This quote comes to mind when considering the current state of ETL-powered healthcare data integration approaches.

ETL (an acronym for Extract, Transform, Load) is a concept that originated in the 1970s to support the creation of centralized data repositories, so this truly is your father’s (maybe grandfather’s) data management approach. ETL grew in popularity through the 1980s and 1990s as the preferred approach to aggregate data from function-specific business applications into consolidated data warehouses.

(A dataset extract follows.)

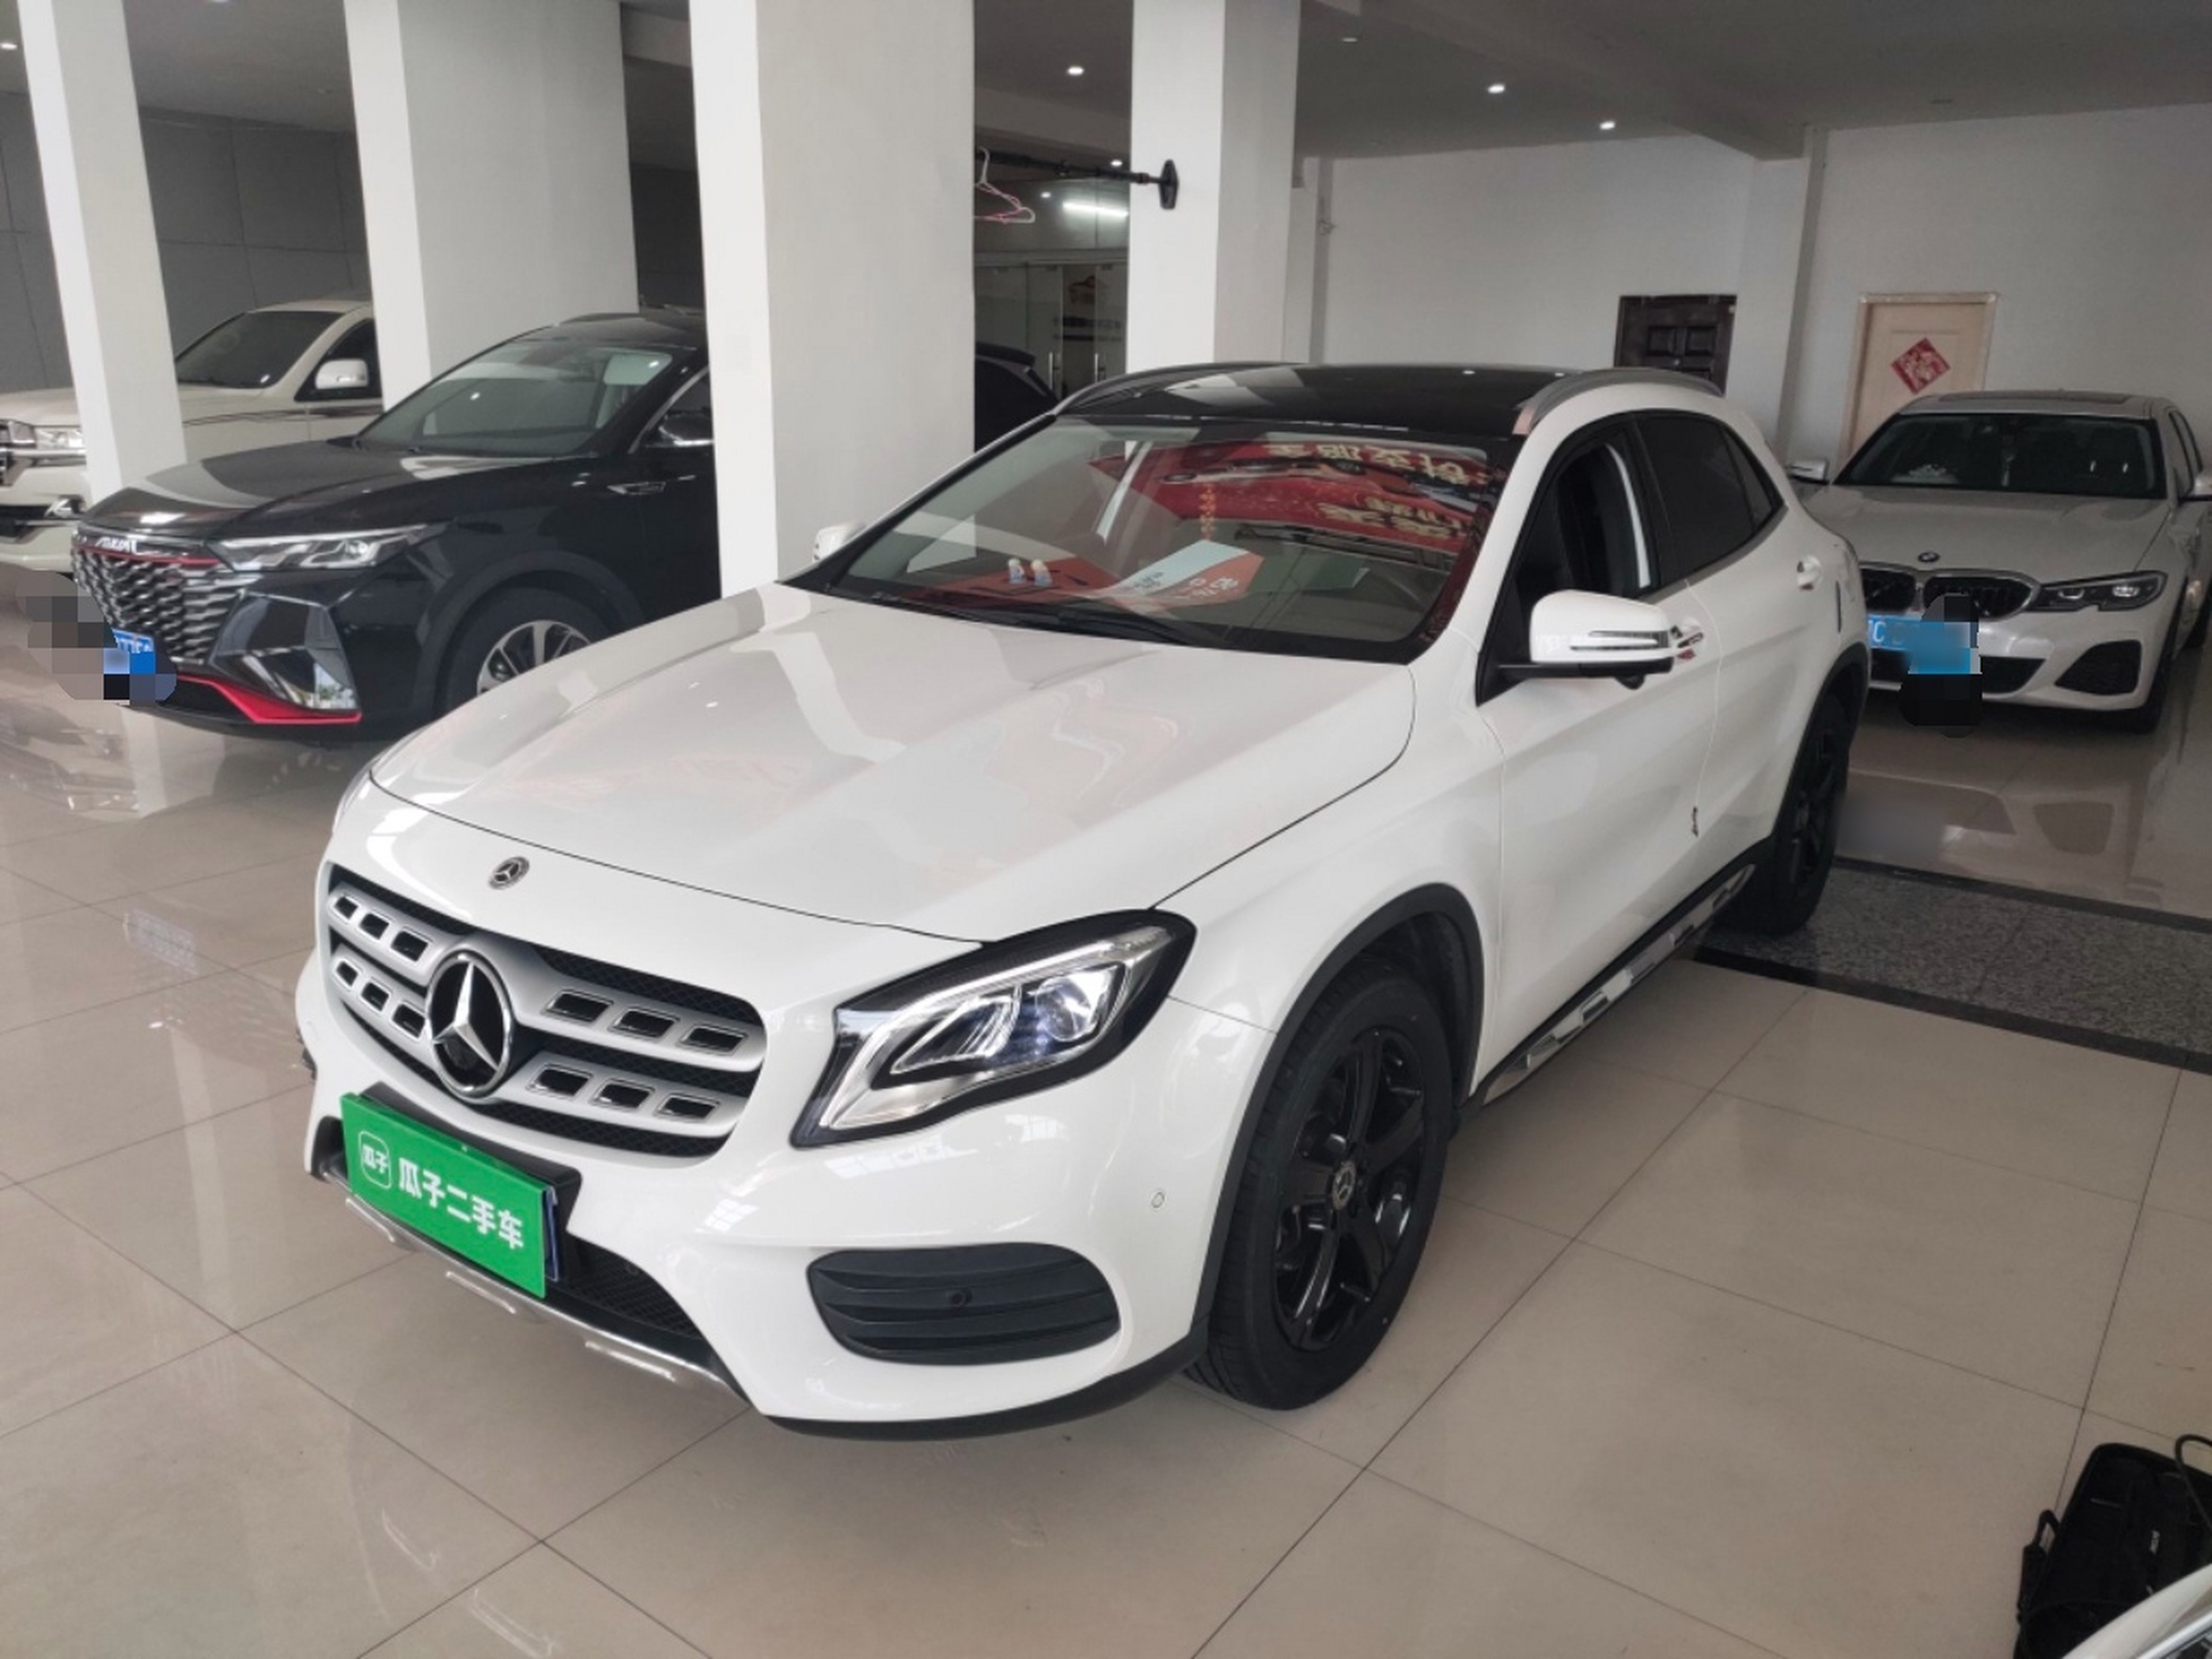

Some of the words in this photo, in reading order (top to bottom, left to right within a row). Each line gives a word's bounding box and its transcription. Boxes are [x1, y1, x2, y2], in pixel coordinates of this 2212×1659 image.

Along the way, ETL became popular as a preferred approach for performing data migrations.

ETL’s novelty was that you could improve the clarity, traceability, and maintainability of data movement processes by isolating the source system extract logic from the logic to transform source data into a format that can be accurately loaded into a target system.

ETL also utilizes a staging system, which holds a copy of raw source data and a separate copy of the transformed data. The load step pulls data from a staging area to populate the target system (most frequently as a data warehouse.)

The Limitations of ETL

ETL was a great innovation then; however, it has some limitations that prevent it from being the best choice for managing modern healthcare data unification requirements.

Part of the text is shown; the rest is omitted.